Not Your Mule: The Unseen Labor Subsidizing a Nation

4–5 minutes

There’s a quiet revolution happening. You can see it on Instagram, in co-working spaces, and in conversations with friends. A new generation of Black women is strategically and unapologetically leaving the traditional nine-to-five hustle. We are choosing to be digital nomads, freelance thinkers, and creative entrepreneurs rather than tying ourselves to the mortgages and car payments that once defined the “American Dream.”

This exodus isn’t just a trend; it’s the Great Rejection. It is a rational and strategic choice to stop playing a game that was designed for us to lose. More than that, it is a conscious withdrawal of a subsidy that has propped up the American experiment for centuries: the paid and unpaid labor of Black women.

An Old Story, A Hidden Ledger

This isn’t a new phenomenon. The expectation that Black women will shoulder the burdens the system refuses to carry is written into our history. While recently researching the Phyllis Wheatley Club of the East Bay at the African American Museum and Library at Oakland archives, I found stunning proof in their financial ledgers from the 1930s.

During the Great Depression, club members paid monthly dues, a staggering notion for the era. Why? They were funding essential community services like sewing to maintain clothes, providing free clothes for all ages, transportation to appointments and job interviews, and providing financial aid for emergencies, free of charge.

They were building the social safety net that the government and private industry refused to create for the Black community. They were, in essence, subsidizing American capitalism with their own money and labor.

This institutional effort reflects a burden carried on the backs of individual women. The Phyllis Wheatley Club of East Bay was in operation from roughly 1914 to the mid-1990s. Named in honor of the first published African American woman poet in the country, and survivor of Transatlantic trafficking, the club was established to cultivate young Black women into a developing middle class in the Bay Area. It is one of many untold stories of the mobilization of Black women in Oakland.

As historian Michael K. Honey notes, “In a society that devalued the work of African Americans, the survival of Black families depended to a great extent on the labor of Black women.” The daily reality of this devalued labor was a constant grind under the watch of a hostile system. In the words of worker Irene Branch,

“You had a white woman over you always, and she gonna see that you work” (Honey, p.86).

The Capitalist Gaslight: Blaming the Victim

How could such a massive, ongoing economic contribution go unacknowledged and unrewarded?

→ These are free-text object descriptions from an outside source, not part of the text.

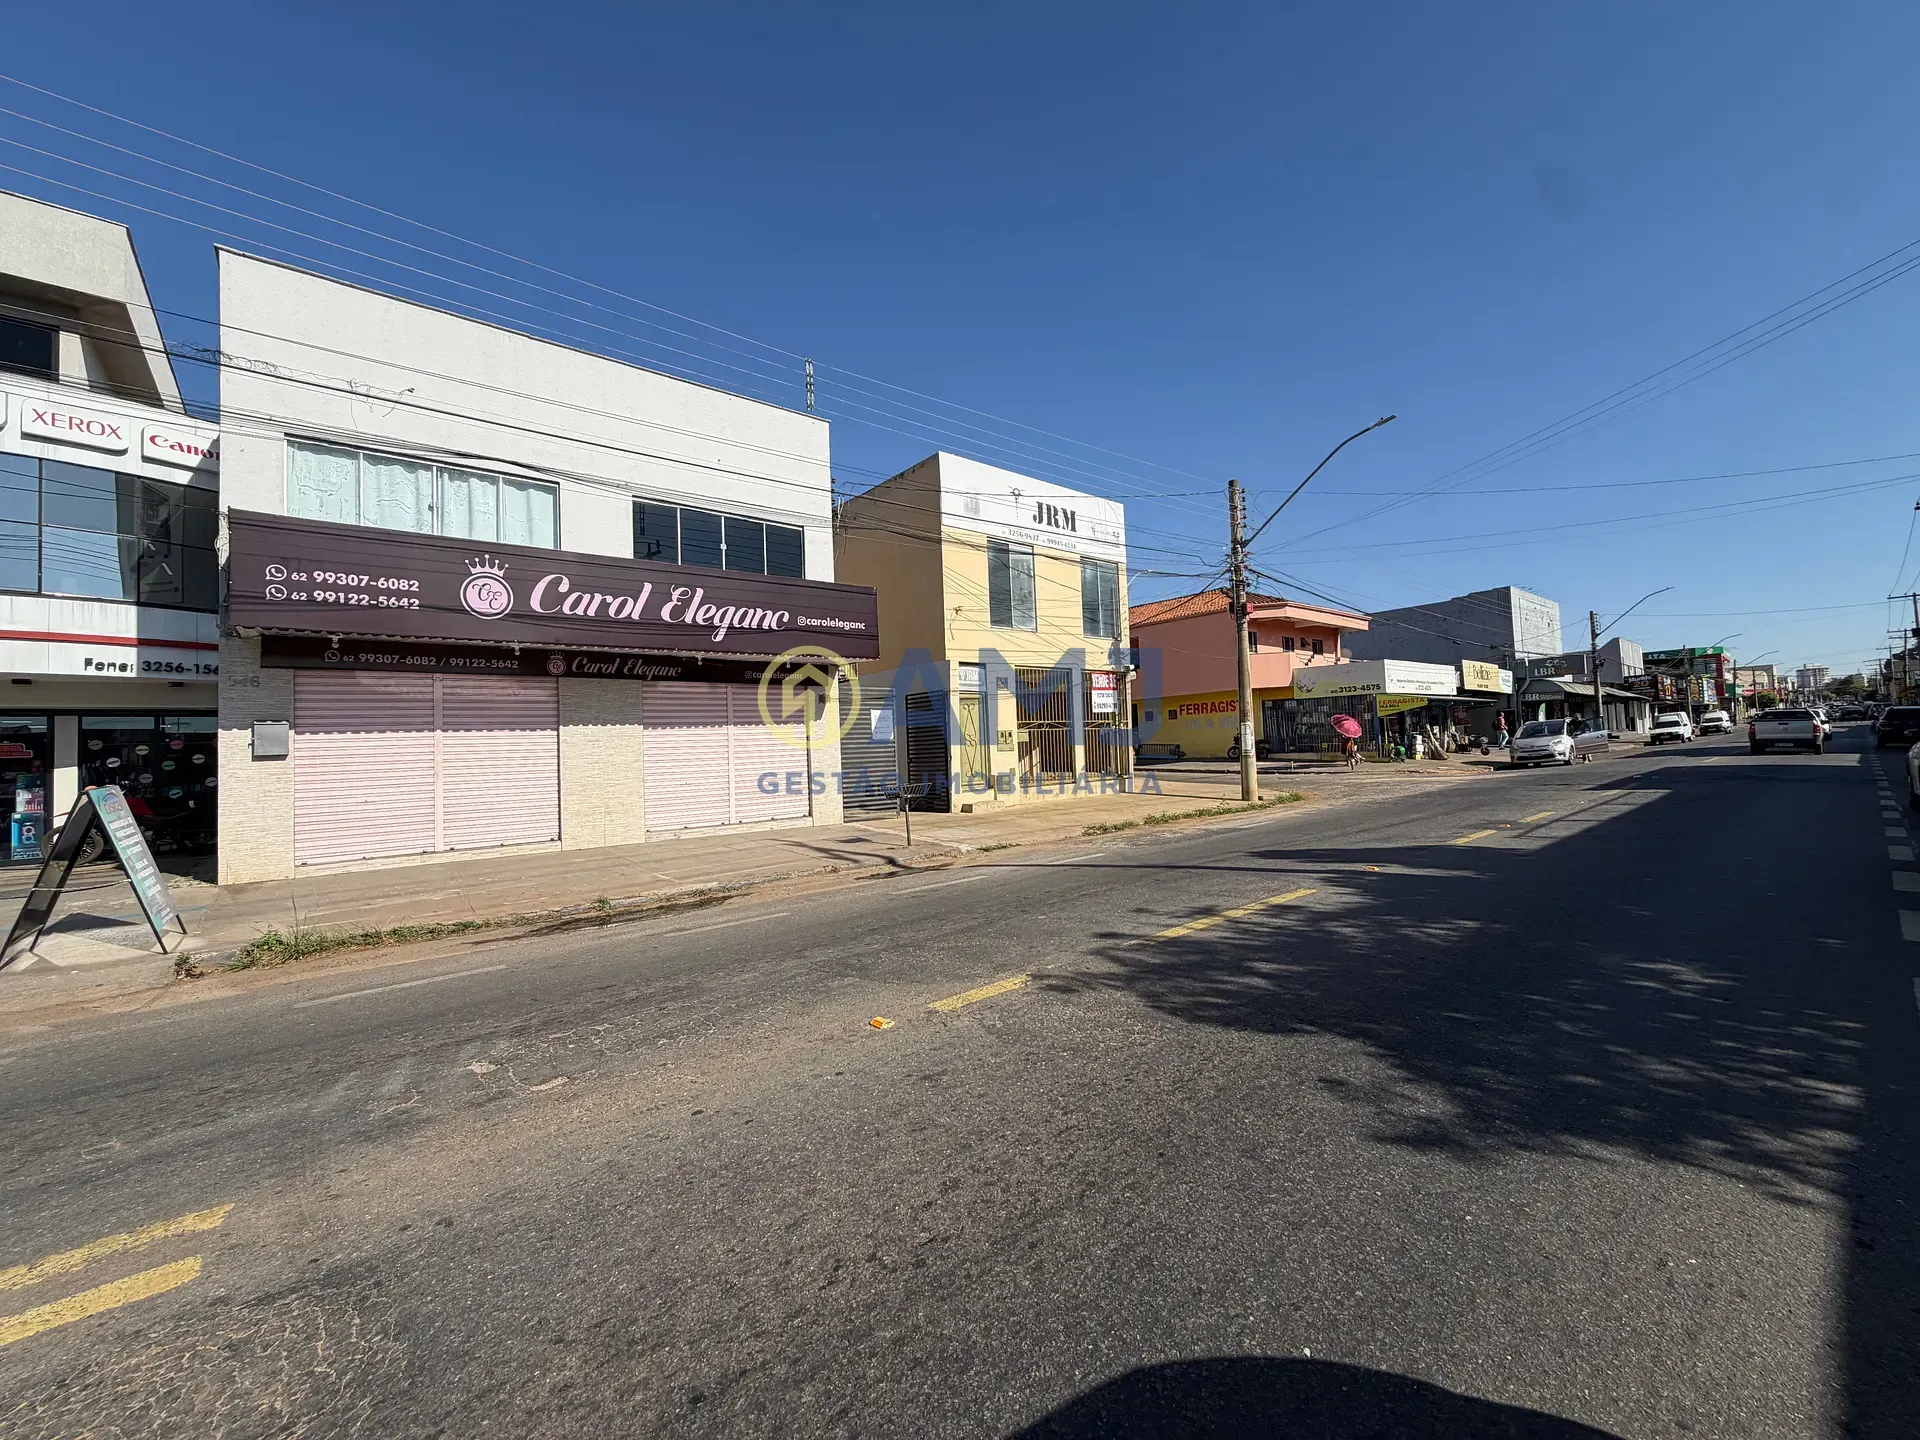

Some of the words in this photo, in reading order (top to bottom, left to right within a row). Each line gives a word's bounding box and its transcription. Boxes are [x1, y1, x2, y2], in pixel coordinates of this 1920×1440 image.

[31, 408, 123, 440] XEROX
[1032, 501, 1077, 532] JRM
[291, 571, 307, 581] 62
[313, 570, 419, 592] 99307-6082
[291, 591, 307, 601] 62
[313, 590, 420, 610] 99122-5642
[530, 574, 653, 620] Carol
[660, 584, 790, 642] Eleganc
[141, 660, 219, 675] 3256-156
[343, 654, 355, 662] 62
[358, 653, 437, 666] 99307-6082
[449, 657, 519, 669] 99122-5642
[571, 656, 620, 674] Carol
[623, 658, 681, 680] Eleganc
[1534, 667, 1556, 676] LBR
[1338, 684, 1381, 693] 3123-4575
[1179, 699, 1238, 716] FERRAGIS
[1378, 697, 1425, 707] FERRAGISTA

By design. You can’t exploit a subsidy if you admit it exists. Instead, you create a powerful counternarrative that blames the very people you are exploiting.

Enter the 1965 Moynihan Report.

Officially titled “The Negro Family: The Case for National Action,” the report was a masterclass in capitalist gaslighting. It argued that the root of Black poverty was not systemic racism or economic exploitation, but the “pathology” of the Black family itself—specifically, its “matriarchal” structure. This narrative was a gift to the status quo. It allowed the government and corporations to sidestep their responsibility. For over 50 years, this ghost has shaped policy and corporate culture, creating the expectation that Black women should work for less, endure more, and be grateful for the opportunity.

The Great Rejection

I see the legacy of this history almost daily. I speak with Black women artists who work for multiple organizations while also fulfilling roles as parents and spouses. Many are enrolled in graduate programs or pursuing other certificates, constantly bettering themselves. We are still doing the work of holding everything together. But the cost has become too great. Hence the rejection of people, places, and spaces that just don’t fit anymore. As a result, there is a stunned, passive pushback from company leaders, boards, and shareholders as they adjust to worker demands that have become unyielding, despite the economy. It has truly become a new working world order.

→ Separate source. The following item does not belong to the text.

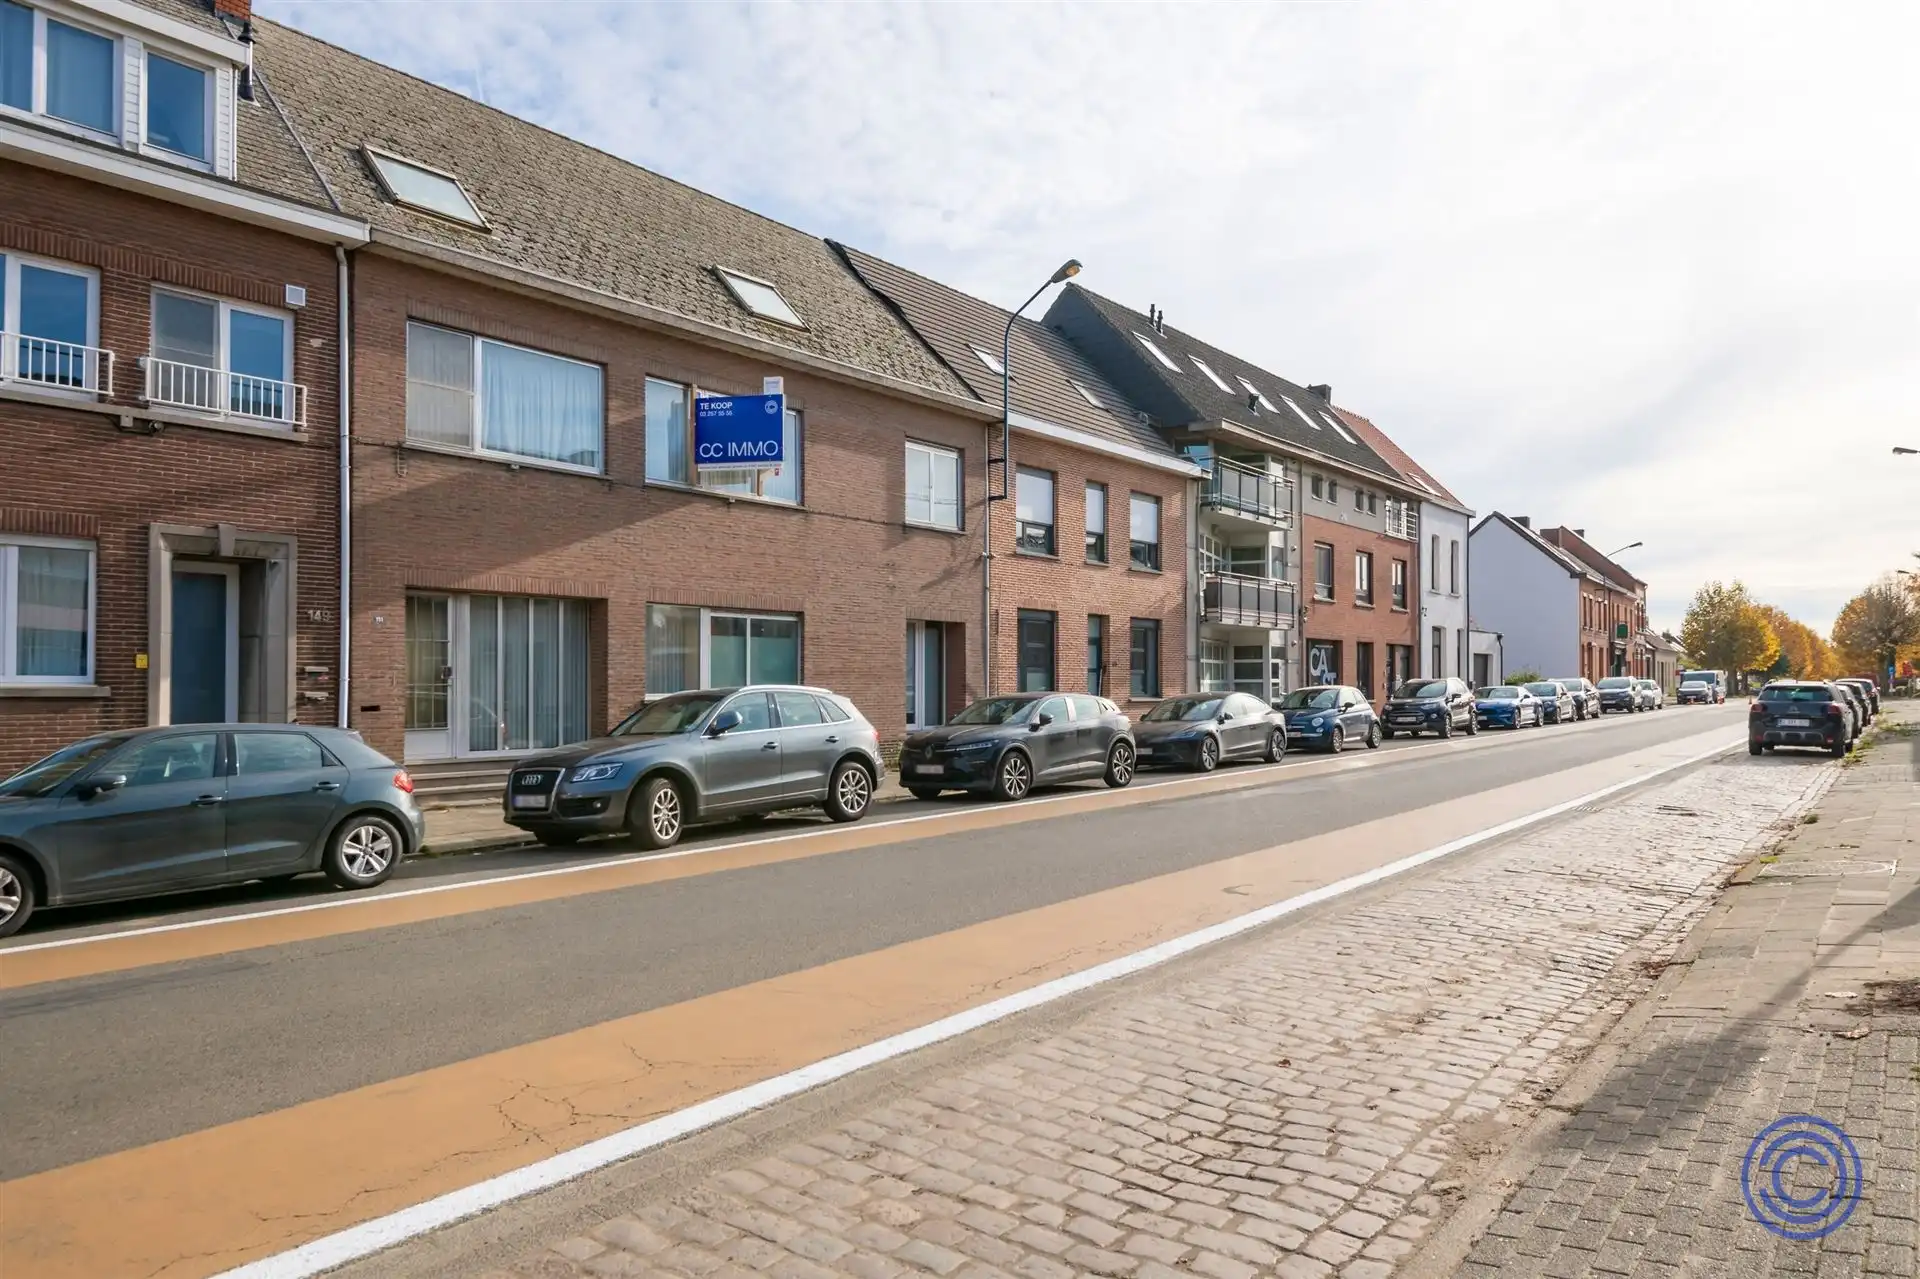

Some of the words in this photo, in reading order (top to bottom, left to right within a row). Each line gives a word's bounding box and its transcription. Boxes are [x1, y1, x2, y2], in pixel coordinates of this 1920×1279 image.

We are refusing to be the mules for a capitalist system that was built on our backs but never intended for our benefit. It forces a critical question: What happens to the American experiment when its primary subsidy is withdrawn?

This is the very work of the Labor Pains project. Our goal is to replace the old ghosts of blame with the living, breathing stories of our labor. We are building an oral history collection that documents the true cost of this subsidy and reveals the foundational role Black women’s work has played in the American experiment.

The old stories were well-funded. Help us fund the true ones.

Donate to Labor Pains today to support the work of telling our own story.

Citation: Honey, M. K. (2002). Black workers remember: An oral history of segregation, unionism, and the freedom struggle. University of California Press.

Archival Materials: Phyllis Wheatley Club of the East Bay records, MS 147, African American Museum & Library at Oakland, Oakland Public Library. Oakland, California.